DATA PROVIDED: Begin

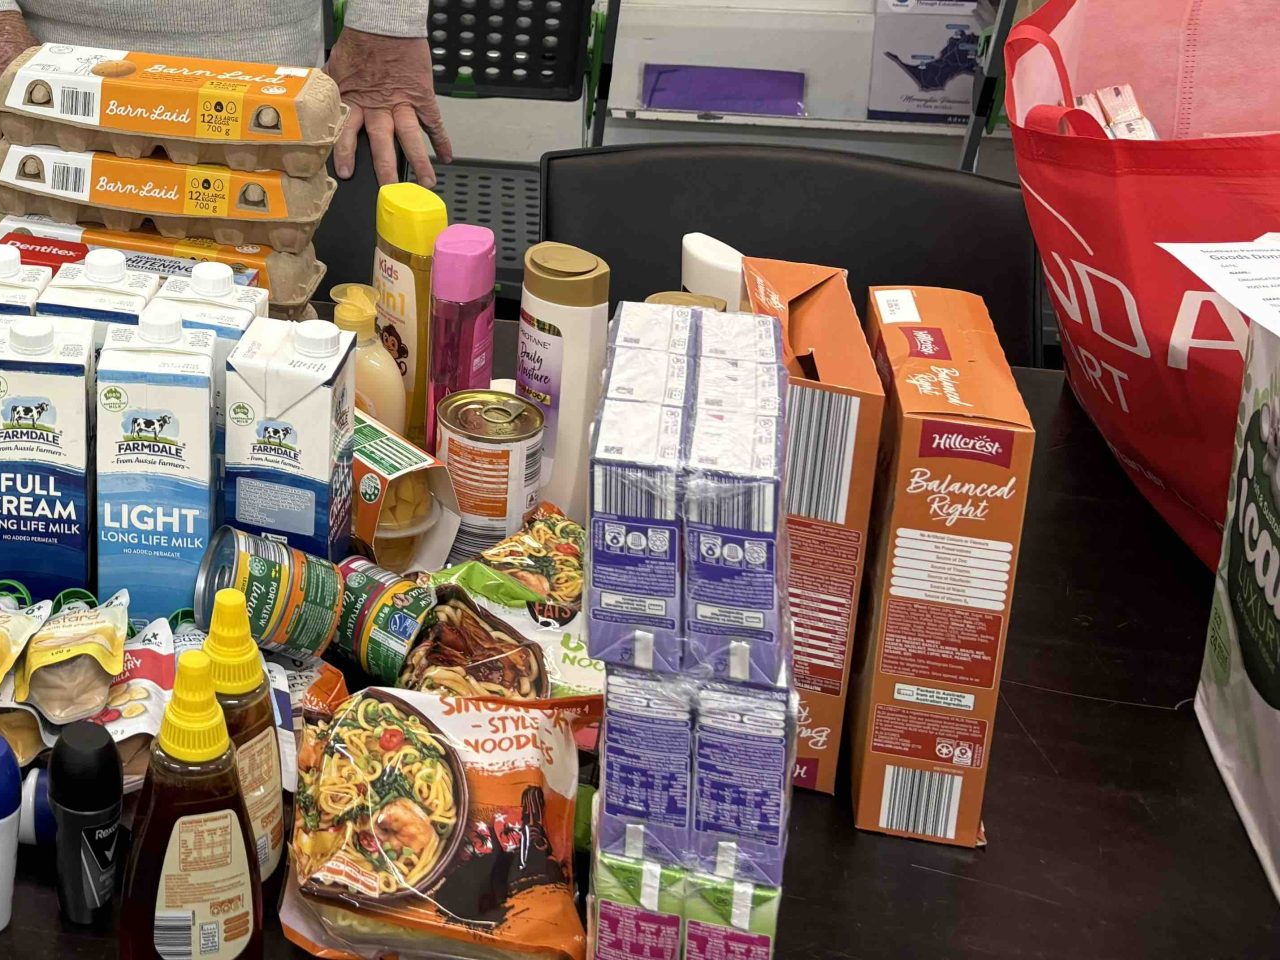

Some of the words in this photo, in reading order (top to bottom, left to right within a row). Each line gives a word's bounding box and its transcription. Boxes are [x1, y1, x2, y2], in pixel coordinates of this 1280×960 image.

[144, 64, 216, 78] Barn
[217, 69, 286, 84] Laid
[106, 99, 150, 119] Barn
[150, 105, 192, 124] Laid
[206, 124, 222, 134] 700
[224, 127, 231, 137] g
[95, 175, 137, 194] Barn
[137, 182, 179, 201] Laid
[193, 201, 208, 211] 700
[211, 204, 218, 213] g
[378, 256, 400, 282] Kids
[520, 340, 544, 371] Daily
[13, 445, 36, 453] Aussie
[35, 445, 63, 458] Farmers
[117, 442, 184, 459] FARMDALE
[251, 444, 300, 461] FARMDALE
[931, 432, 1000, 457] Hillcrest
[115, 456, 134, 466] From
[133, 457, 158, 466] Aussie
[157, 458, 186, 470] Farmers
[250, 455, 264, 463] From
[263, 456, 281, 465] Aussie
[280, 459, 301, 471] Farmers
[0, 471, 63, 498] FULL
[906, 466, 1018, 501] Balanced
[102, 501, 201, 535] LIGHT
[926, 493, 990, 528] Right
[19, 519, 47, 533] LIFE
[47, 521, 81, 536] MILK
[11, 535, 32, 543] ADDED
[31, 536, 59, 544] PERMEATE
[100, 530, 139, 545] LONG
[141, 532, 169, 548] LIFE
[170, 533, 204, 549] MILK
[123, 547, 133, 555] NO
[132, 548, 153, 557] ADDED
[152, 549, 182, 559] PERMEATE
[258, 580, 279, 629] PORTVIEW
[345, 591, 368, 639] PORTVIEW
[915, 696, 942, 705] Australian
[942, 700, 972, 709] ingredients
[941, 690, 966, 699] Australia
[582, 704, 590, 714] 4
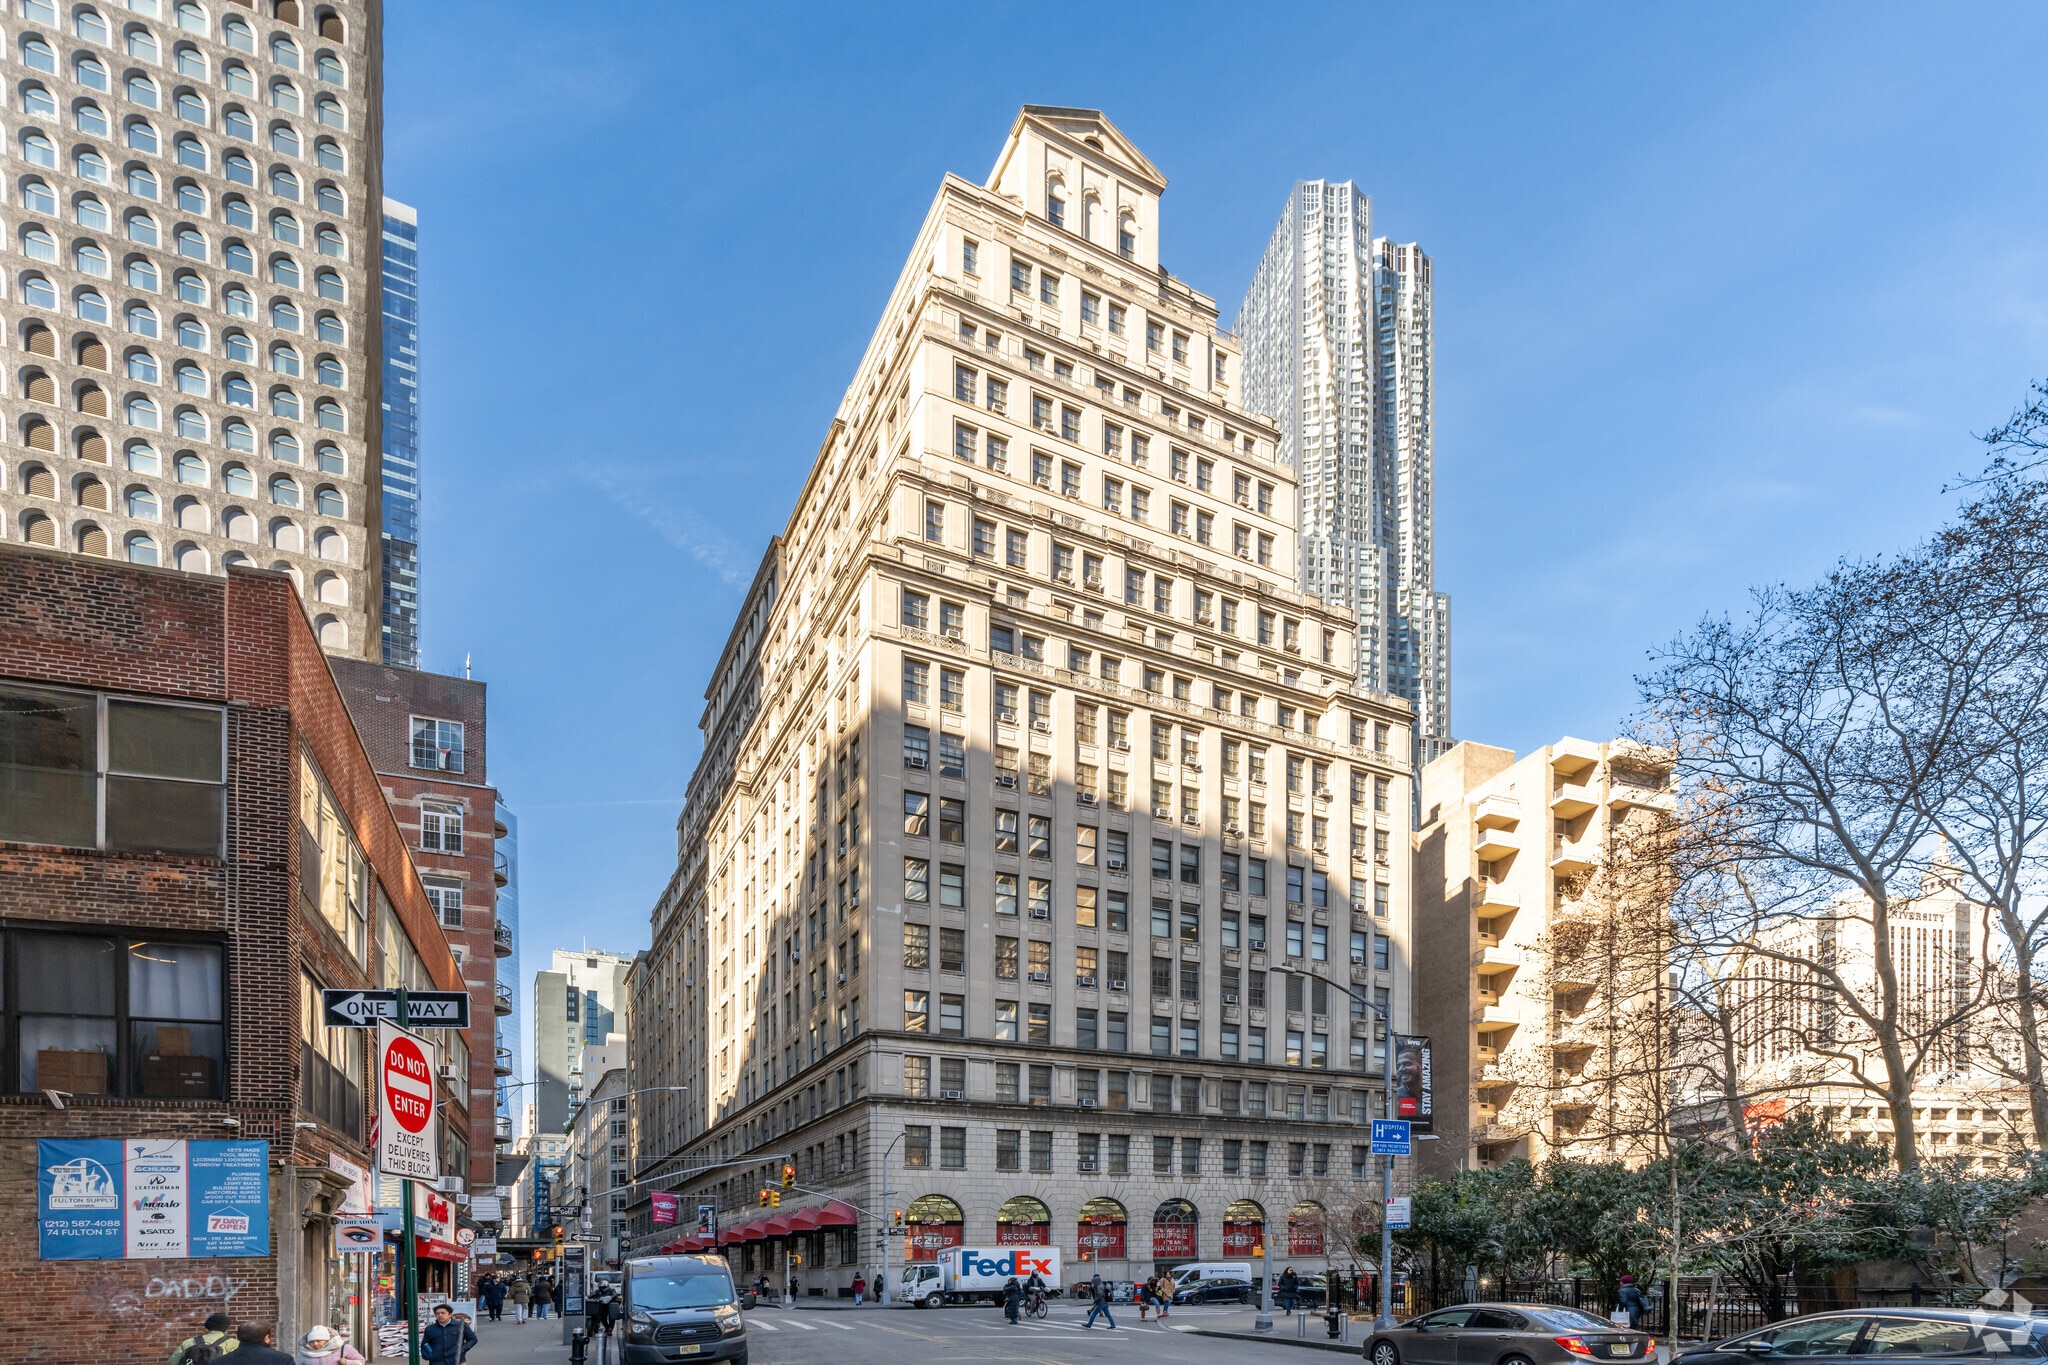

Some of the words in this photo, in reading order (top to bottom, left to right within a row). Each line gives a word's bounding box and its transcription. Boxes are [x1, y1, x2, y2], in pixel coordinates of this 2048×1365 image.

DATA PROVIDED: End

* _TRY IT_
Print verbatim every line above, apart from the pictures.

* _WRITTEN ANSWER_
Some of the words in this photo, in reading order (top to bottom, left to right within a row). Each line gives a word's bounding box and its transcription. Boxes are [x1, y1, x2, y2], in pixel coordinates of this 1280×960 image.

[144, 64, 216, 78] Barn
[217, 69, 286, 84] Laid
[106, 99, 150, 119] Barn
[150, 105, 192, 124] Laid
[206, 124, 222, 134] 700
[224, 127, 231, 137] g
[95, 175, 137, 194] Barn
[137, 182, 179, 201] Laid
[193, 201, 208, 211] 700
[211, 204, 218, 213] g
[378, 256, 400, 282] Kids
[520, 340, 544, 371] Daily
[13, 445, 36, 453] Aussie
[35, 445, 63, 458] Farmers
[117, 442, 184, 459] FARMDALE
[251, 444, 300, 461] FARMDALE
[931, 432, 1000, 457] Hillcrest
[115, 456, 134, 466] From
[133, 457, 158, 466] Aussie
[157, 458, 186, 470] Farmers
[250, 455, 264, 463] From
[263, 456, 281, 465] Aussie
[280, 459, 301, 471] Farmers
[0, 471, 63, 498] FULL
[906, 466, 1018, 501] Balanced
[102, 501, 201, 535] LIGHT
[926, 493, 990, 528] Right
[19, 519, 47, 533] LIFE
[47, 521, 81, 536] MILK
[11, 535, 32, 543] ADDED
[31, 536, 59, 544] PERMEATE
[100, 530, 139, 545] LONG
[141, 532, 169, 548] LIFE
[170, 533, 204, 549] MILK
[123, 547, 133, 555] NO
[132, 548, 153, 557] ADDED
[152, 549, 182, 559] PERMEATE
[258, 580, 279, 629] PORTVIEW
[345, 591, 368, 639] PORTVIEW
[915, 696, 942, 705] Australian
[942, 700, 972, 709] ingredients
[941, 690, 966, 699] Australia
[582, 704, 590, 714] 4

Some of the words in this photo, in reading order (top to bottom, left to right within a row). Each line gives a word's bounding box and its transcription. Boxes are [x1, y1, x2, y2], in pixel coordinates of this 2048×1365 image.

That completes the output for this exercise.